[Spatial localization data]
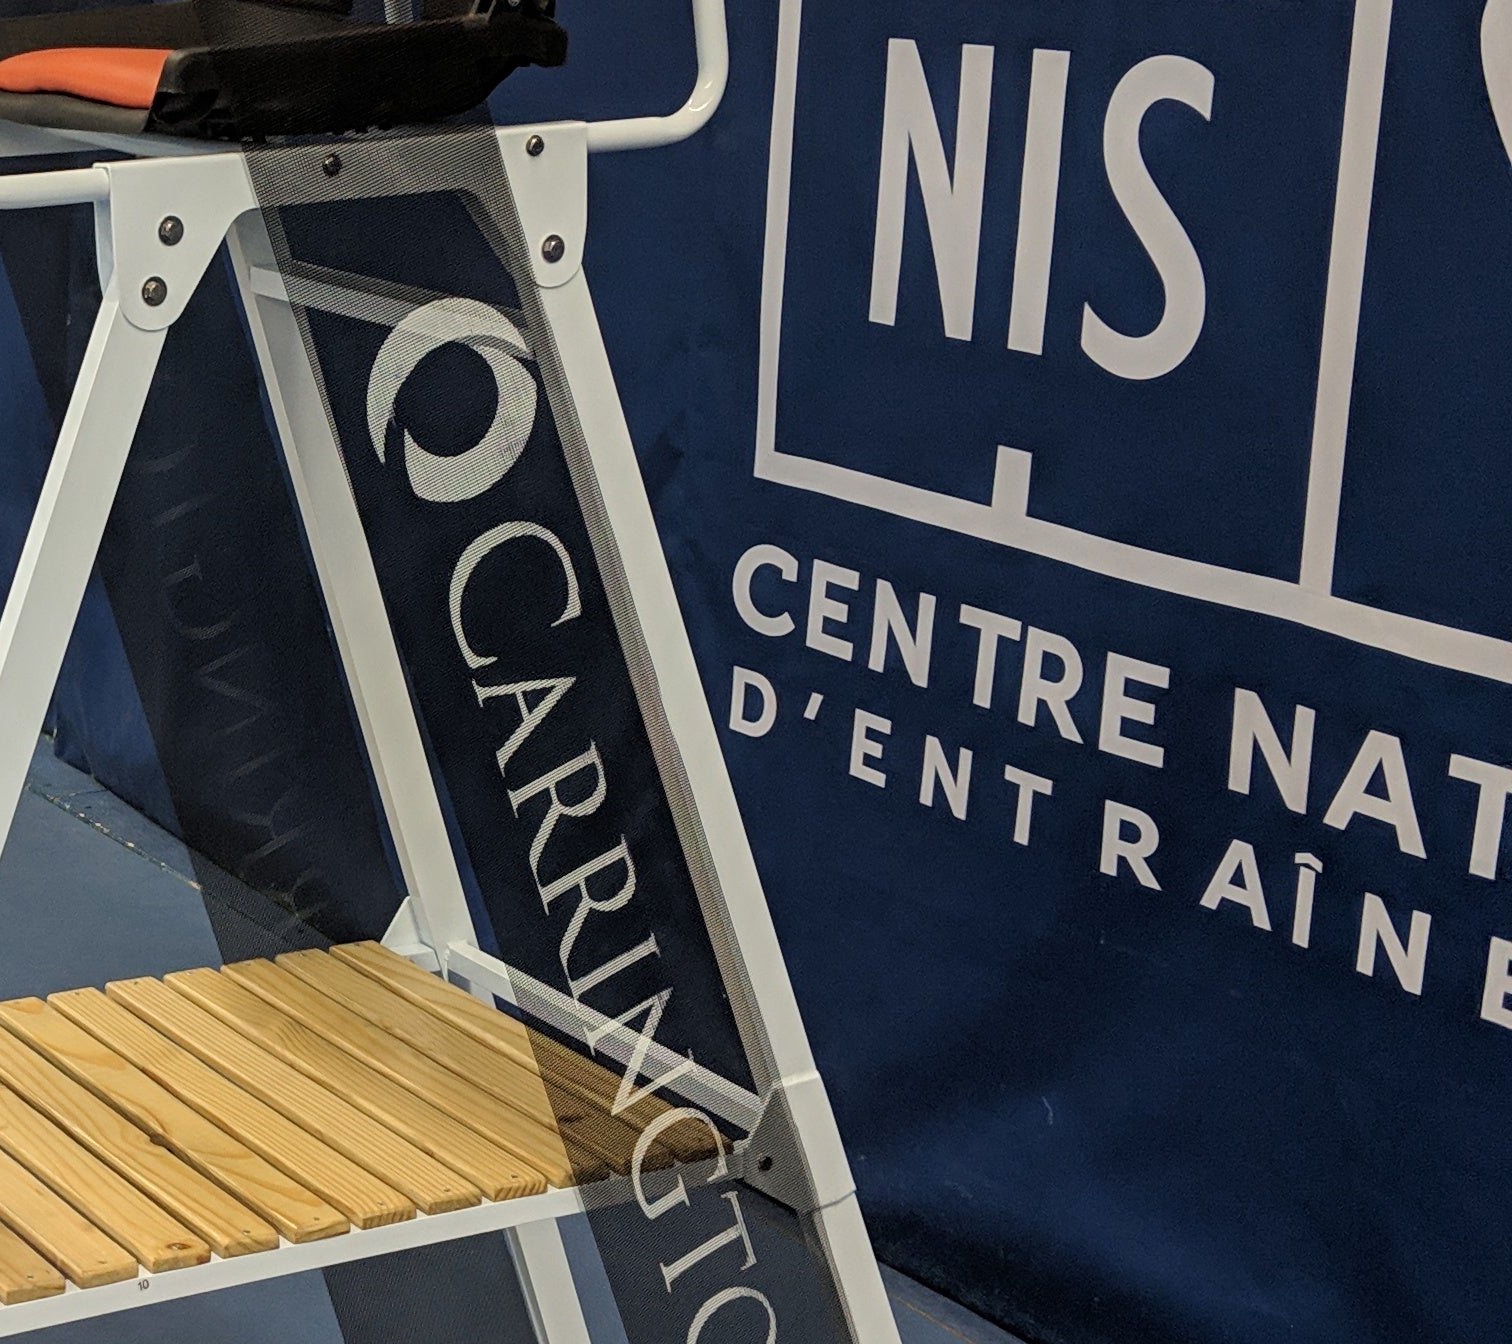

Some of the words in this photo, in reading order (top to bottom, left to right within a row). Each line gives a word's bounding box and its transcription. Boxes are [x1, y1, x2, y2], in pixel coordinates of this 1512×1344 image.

[868, 37, 1215, 380] NIS
[732, 544, 1170, 767] CENTRE
[1228, 688, 1512, 880] NAT
[138, 1279, 150, 1291] 10

Assigned task
All of the data must be given again exactly, without the pictures.

Solution to this exercise
Some of the words in this photo, in reading order (top to bottom, left to right within a row). Each line gives a word's bounding box and its transcription. Boxes are [x1, y1, x2, y2], in pixel coordinates of this 1512×1344 image.

[868, 37, 1215, 380] NIS
[732, 544, 1170, 767] CENTRE
[1228, 688, 1512, 880] NAT
[138, 1279, 150, 1291] 10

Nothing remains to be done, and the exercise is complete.